Fig. 2: Structural comparison of GIPR, GLP-1R and GCGR bound by mono-, dual and triple agonists.

a Structural comparison of GIP–GIPR–G_s²⁵, tirzepatide–GIPR–G_s and peptide 20–GIPR–G_s. Receptor ECD and G protein are omitted for clarity. b Comparison of residue interactions employed by GIPR to recognize GIP, tirzepatide and peptide 20, described by fingerprint strings encoding different interaction types of the surrounding residues in each peptide. Color codes are listed on the top panel. Residues that show no interaction with ligands are displayed as white circles. c Structural comparison of GLP-1–GLP-1R–G_s²⁷, tirzepatide–GLP-1R–G_s and peptide 20–GLP-1R–G_s.

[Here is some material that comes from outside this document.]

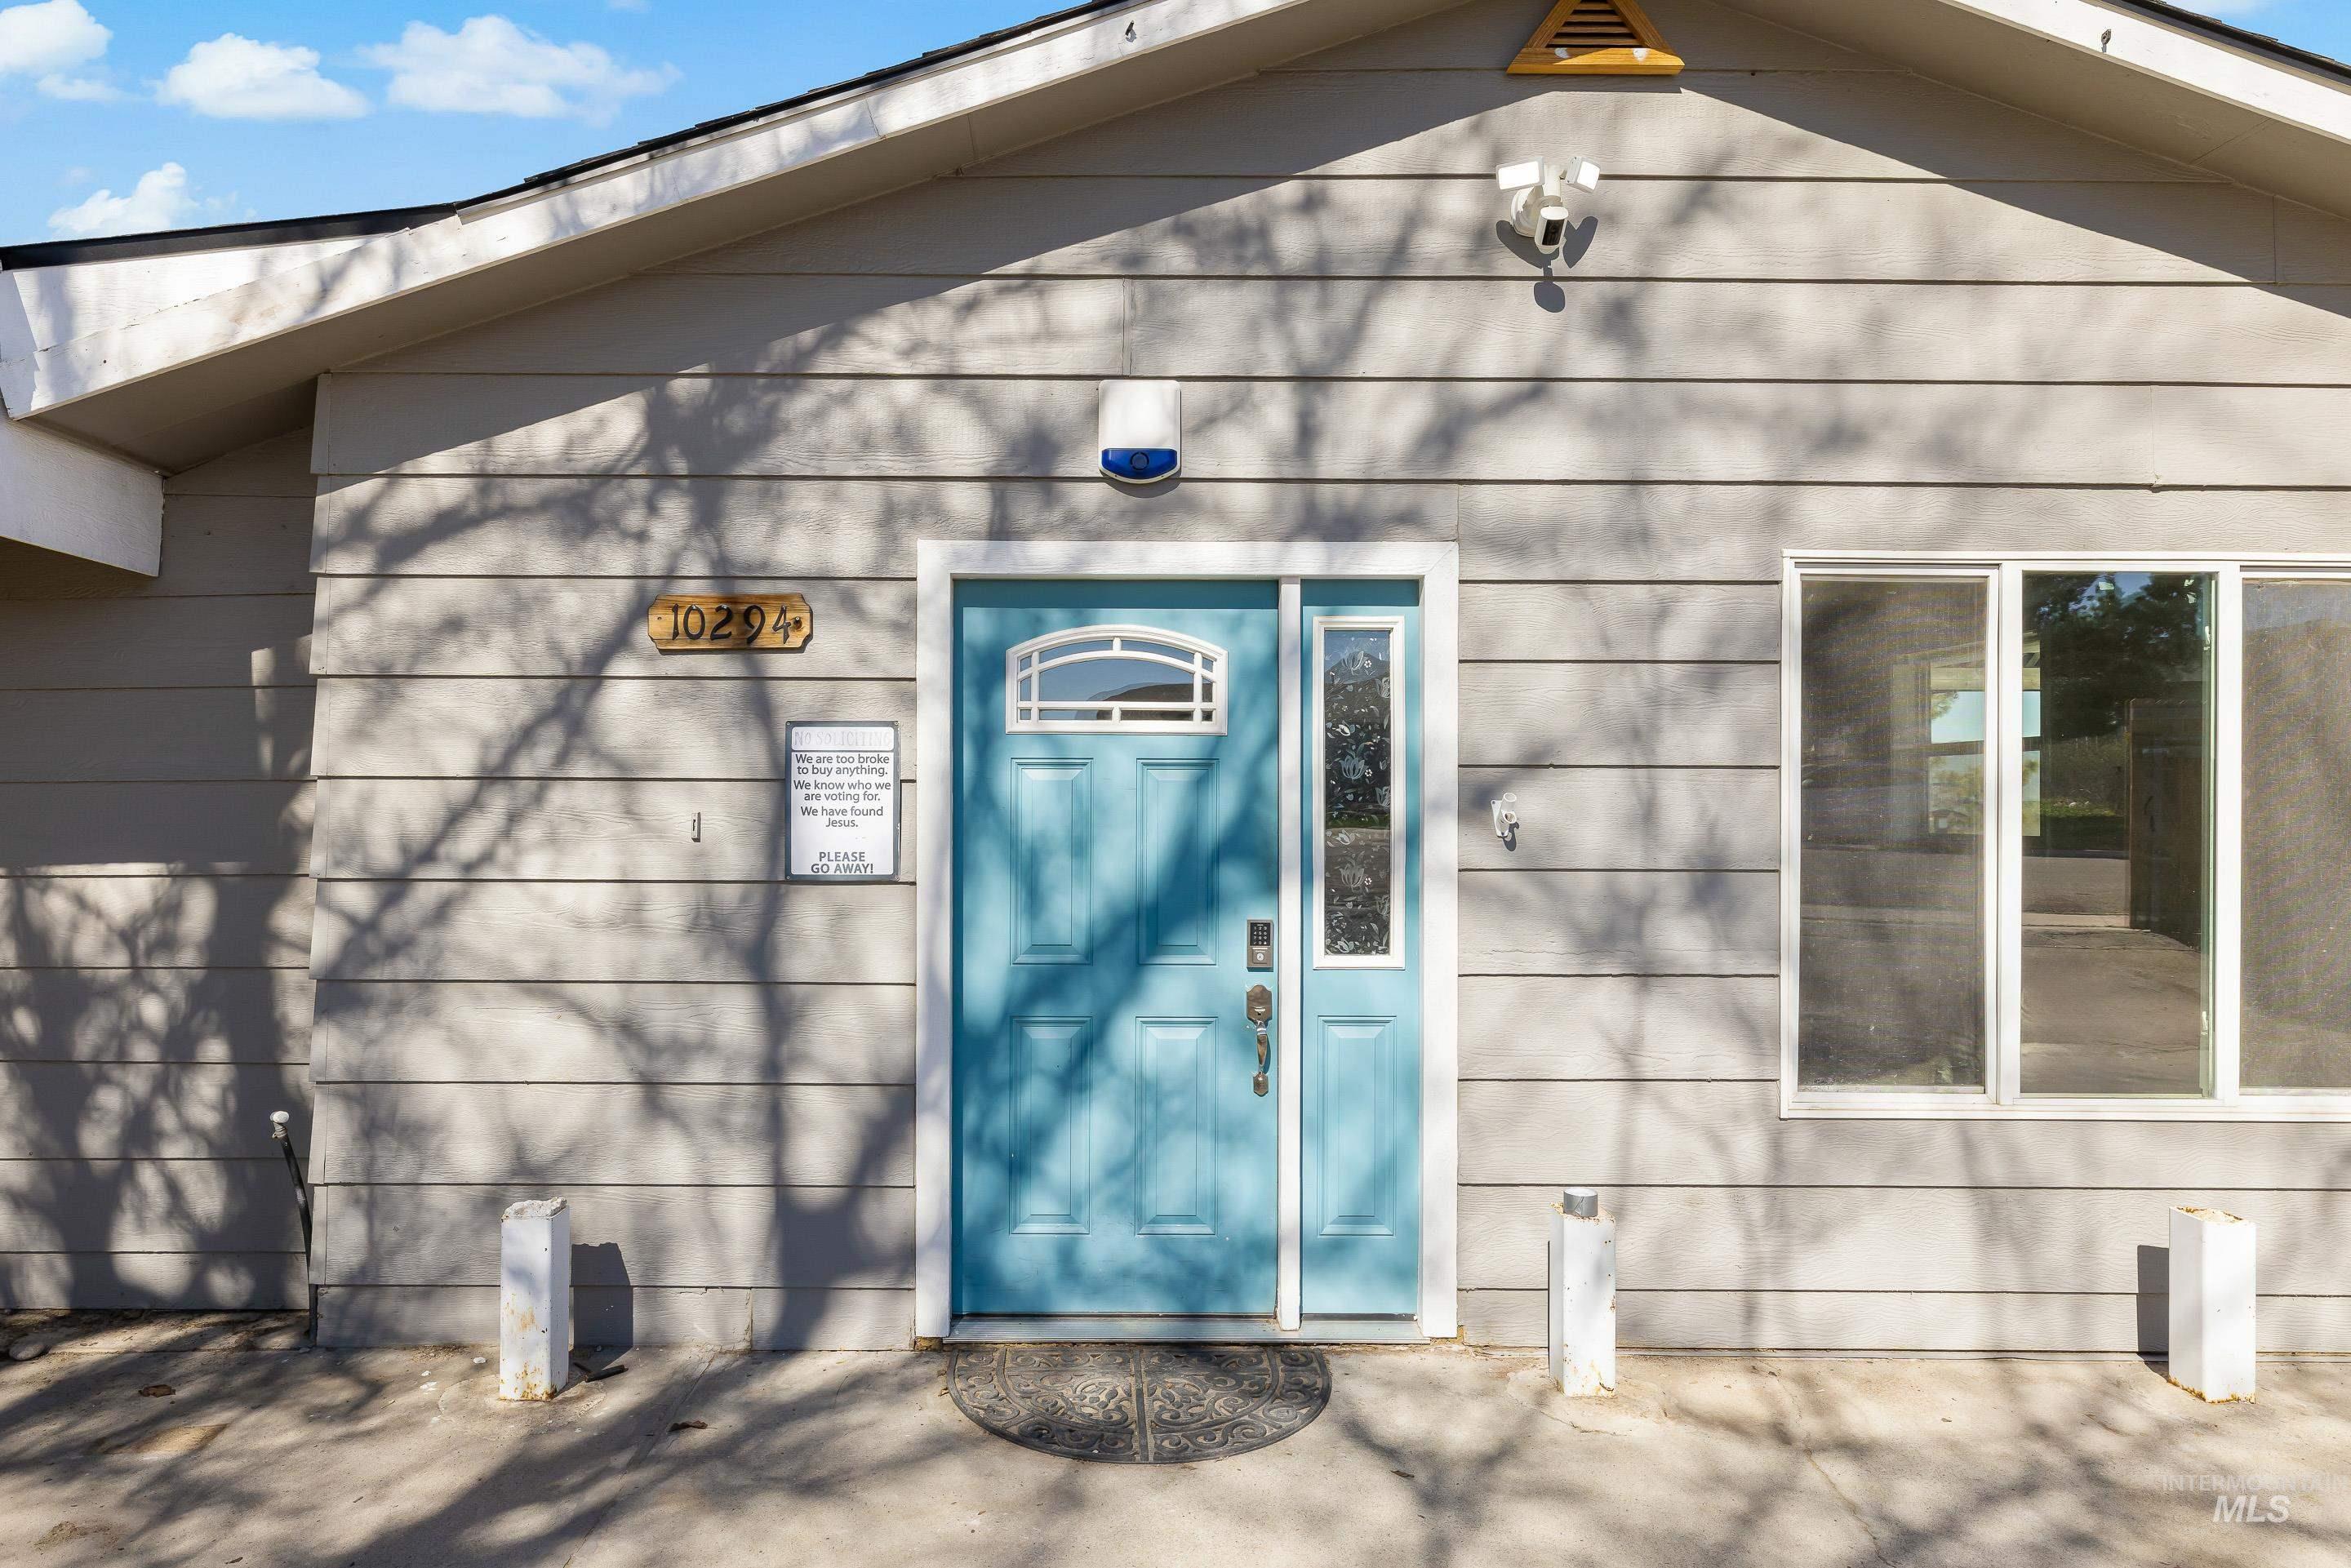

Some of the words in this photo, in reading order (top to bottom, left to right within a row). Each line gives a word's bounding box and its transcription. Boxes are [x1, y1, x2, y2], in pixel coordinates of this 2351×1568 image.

Receptor ECD and G protein are omitted for clarity. d Comparison of residue interactions that GLP-1R employed to recognize GLP-1, tirzepatide and peptide 20, described by fingerprint strings encoding different interaction types of the surrounding residues in each peptide. e Structural comparison of GCG–GCGR–G_s⁴, peptide 15–GCGR–G_s²⁸ and peptide 20–GCGR–G_s. Receptor ECD and G protein are omitted for clarity. f Comparison of residue interactions that GCGR employed to recognize GCG, peptide 15 and peptide 20, described by fingerprint strings encoding different interaction types of the surrounding residues in each peptide.